Shane Bauer's positive attitude catching on

Those who know Laughingstock Design's Shane Bauer will make sure to let you know that you're dealing with a genuinely nice guy whose one aim is to pay it forward.

Shane Bauer at Laughingstock Designs
Shane Bauer is the owner of Laughingstock Designs. (Clint Austin /

Those who know Laughingstock Design's Shane Bauer will make sure to let you know that you're dealing with a genuinely nice guy whose one aim is to pay it forward.

"He gets a charge out of helping people," said Kim Luedtke, who nominated Bauer for the "20 Under 40" honor. "I hope he grows his business to an entire empire because that will mean he can help even more people."

Bauer is the proprietor behind the Happy Space store in the Fitger's complex, which specializes in two distinct lines of apparel: PositiveWear and Listen to Nature (a sustainable nod to Mother Earth).

PositiveWear, as its name implies, is the result of the obnoxiously negative T-shirts polluting the market.

"A lot of them focus on how lazy the people wearing them are, or how 'stupid' they or others are," Bauer said. "It was a black shirt simply saying 'Bite Me' that really did it for me. I saw it at a major department store and still don't understand it.


"That was the tipping point where I got into apparel design."

Before he opened his retail store at Fitger's, Bauer's primary creative outlet was his Laughingstock Design website and its signature greeting cards. What made them special? They were personalized with customers' pictures.

It all started back in 2000 when Bauer wanted to spice up Christmas for his family.

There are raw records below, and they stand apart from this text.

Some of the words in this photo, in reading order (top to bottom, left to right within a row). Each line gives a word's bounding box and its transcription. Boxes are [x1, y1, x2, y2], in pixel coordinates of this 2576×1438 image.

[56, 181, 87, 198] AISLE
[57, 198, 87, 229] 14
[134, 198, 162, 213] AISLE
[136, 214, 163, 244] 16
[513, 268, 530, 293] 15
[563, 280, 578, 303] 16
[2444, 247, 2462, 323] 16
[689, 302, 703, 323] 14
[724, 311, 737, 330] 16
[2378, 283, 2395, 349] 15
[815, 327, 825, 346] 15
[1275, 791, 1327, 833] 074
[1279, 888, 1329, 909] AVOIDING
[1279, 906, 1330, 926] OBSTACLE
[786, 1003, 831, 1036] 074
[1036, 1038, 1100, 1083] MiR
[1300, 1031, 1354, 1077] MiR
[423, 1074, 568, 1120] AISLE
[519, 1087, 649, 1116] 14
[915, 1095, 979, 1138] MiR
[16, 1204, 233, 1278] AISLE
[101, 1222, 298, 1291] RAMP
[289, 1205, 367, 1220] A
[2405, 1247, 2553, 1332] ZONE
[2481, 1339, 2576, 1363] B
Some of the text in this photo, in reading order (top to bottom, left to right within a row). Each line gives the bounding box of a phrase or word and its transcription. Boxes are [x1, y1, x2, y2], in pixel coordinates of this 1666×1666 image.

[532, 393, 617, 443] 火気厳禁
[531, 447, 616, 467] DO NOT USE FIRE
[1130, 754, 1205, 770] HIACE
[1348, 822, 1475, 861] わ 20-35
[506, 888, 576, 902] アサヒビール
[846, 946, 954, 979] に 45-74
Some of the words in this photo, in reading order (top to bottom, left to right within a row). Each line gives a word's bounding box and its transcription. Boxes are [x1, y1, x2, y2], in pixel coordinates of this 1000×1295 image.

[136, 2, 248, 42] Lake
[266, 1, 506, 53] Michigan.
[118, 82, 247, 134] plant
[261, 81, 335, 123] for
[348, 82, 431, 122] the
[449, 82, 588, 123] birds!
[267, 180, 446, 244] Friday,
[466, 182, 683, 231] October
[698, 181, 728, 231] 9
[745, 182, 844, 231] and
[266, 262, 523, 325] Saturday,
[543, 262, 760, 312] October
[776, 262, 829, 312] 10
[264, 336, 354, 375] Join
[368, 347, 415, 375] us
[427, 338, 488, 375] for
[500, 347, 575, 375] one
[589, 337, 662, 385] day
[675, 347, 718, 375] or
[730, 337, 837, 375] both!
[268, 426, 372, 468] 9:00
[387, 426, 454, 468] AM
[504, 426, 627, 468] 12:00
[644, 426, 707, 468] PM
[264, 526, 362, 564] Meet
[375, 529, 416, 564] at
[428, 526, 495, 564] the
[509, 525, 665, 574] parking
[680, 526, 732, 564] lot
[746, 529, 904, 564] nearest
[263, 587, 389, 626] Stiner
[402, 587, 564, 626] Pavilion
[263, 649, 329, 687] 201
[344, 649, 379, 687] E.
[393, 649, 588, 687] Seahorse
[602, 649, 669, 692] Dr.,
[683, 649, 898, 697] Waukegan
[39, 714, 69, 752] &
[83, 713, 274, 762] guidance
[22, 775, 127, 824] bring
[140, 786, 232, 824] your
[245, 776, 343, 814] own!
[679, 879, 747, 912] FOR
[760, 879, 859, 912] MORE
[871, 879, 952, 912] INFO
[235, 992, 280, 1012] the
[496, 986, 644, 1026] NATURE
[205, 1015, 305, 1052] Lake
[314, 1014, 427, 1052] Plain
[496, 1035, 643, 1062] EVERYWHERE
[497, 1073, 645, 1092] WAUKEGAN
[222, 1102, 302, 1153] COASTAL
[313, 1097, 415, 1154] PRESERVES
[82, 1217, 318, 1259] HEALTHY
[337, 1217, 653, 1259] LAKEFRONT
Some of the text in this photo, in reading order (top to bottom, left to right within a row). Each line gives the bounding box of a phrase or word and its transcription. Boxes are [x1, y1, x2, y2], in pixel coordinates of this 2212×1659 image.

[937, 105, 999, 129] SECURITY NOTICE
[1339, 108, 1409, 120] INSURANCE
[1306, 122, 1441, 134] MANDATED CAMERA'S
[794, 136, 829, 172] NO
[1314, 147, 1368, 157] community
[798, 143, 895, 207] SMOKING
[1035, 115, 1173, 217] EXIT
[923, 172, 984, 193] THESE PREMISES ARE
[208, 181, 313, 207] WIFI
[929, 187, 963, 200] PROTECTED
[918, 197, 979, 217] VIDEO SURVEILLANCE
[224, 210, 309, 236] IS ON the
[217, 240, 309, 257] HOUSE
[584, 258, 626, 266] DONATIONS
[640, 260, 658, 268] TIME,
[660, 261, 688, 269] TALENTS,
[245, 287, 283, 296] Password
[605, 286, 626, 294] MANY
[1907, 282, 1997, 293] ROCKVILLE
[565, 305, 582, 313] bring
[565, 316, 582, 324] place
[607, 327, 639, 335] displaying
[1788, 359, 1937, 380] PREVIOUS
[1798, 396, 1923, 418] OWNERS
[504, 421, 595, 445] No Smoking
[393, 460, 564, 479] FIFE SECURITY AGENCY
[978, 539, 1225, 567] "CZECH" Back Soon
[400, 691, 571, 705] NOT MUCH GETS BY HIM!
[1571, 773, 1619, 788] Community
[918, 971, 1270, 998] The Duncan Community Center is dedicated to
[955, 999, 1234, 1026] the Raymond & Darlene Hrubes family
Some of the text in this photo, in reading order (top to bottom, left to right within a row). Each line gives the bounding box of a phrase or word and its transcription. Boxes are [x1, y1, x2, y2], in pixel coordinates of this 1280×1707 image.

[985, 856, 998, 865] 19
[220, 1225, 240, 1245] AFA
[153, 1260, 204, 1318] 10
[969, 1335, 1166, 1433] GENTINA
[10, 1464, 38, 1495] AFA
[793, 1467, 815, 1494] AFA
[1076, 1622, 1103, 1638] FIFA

"We just wanted to make people laugh and have fun with it," he said. "As a graphic designer, I had all the resources and it actually saved us money back then. The reactions you get from those receiving them made it well worth the time involved and it wasn't long before requests started coming in to do the same style cards for others."

It would be a couple years before Bauer realized the commercial prospects of custom greeting cards.

"Our Christmas cards from the previous years kept reappearing; friends and family were hanging on to them and displaying them every year," he said. "I started to see the potential of a greeting card that never gets thrown away."

While Bauer made a name for himself with those uplifting greeting cards, it wouldn't last.

"The custom greeting cards went away fast when the economy tanked," he admitted. "Christmas 2007 was the last 'crazy card season' for us, so we started thinking about what comes next after that."


But Bauer had ideas -- and apparently this is something he's becoming known for.

"Shane is an amazingly creative and funny guy," Luedtke wrote. "He has his own special way of looking at the world. He is a force to be reckoned with when he gets an idea in his head that he wants to see manifest in the world."

While some ideas didn't pan out for Bauer (like a winter comedy festival), others did, like Happy Space PositiveWear.

"The time was right for an attitude change in our community, in our country and probably many other places as well," the entrepreneur said. "We get people from all walks of life in that little store from all over the country and sometimes other countries -- and we've only been open four months."

Bauer said one major component of the PositiveWear line is squashing stereotypes. His company manufactured the "Human Just Like You" campaign for Duluth-Superior Pride. And those "Free the Hikers" shirts seen on "The Today Show"? Those were the result of a collaboration between Bauer and Nate Lindstrom, a local man who is married to the sister of one of the detained hikers -- who also happens to be named Shane Bauer.

"I think one of the main reasons we've done well up to this point," Laughingstock's Shane Bauer surmised, "is because we don't know what's next and we anxiously subscribe to that. That's the adventure part that makes it fun and keeps the revolving door of ideas turning. I'm sure there are big things in store, though, and when we get to them, we'll make sure they have a positive impact on the greatest number of people possible."

And how, exactly, does Bauer gauge his company's success?

"Similar to the greeting cards, the reactions we have received from our customers is the best part," he said. "We've had people thank us with tears more than once. That's rewarding."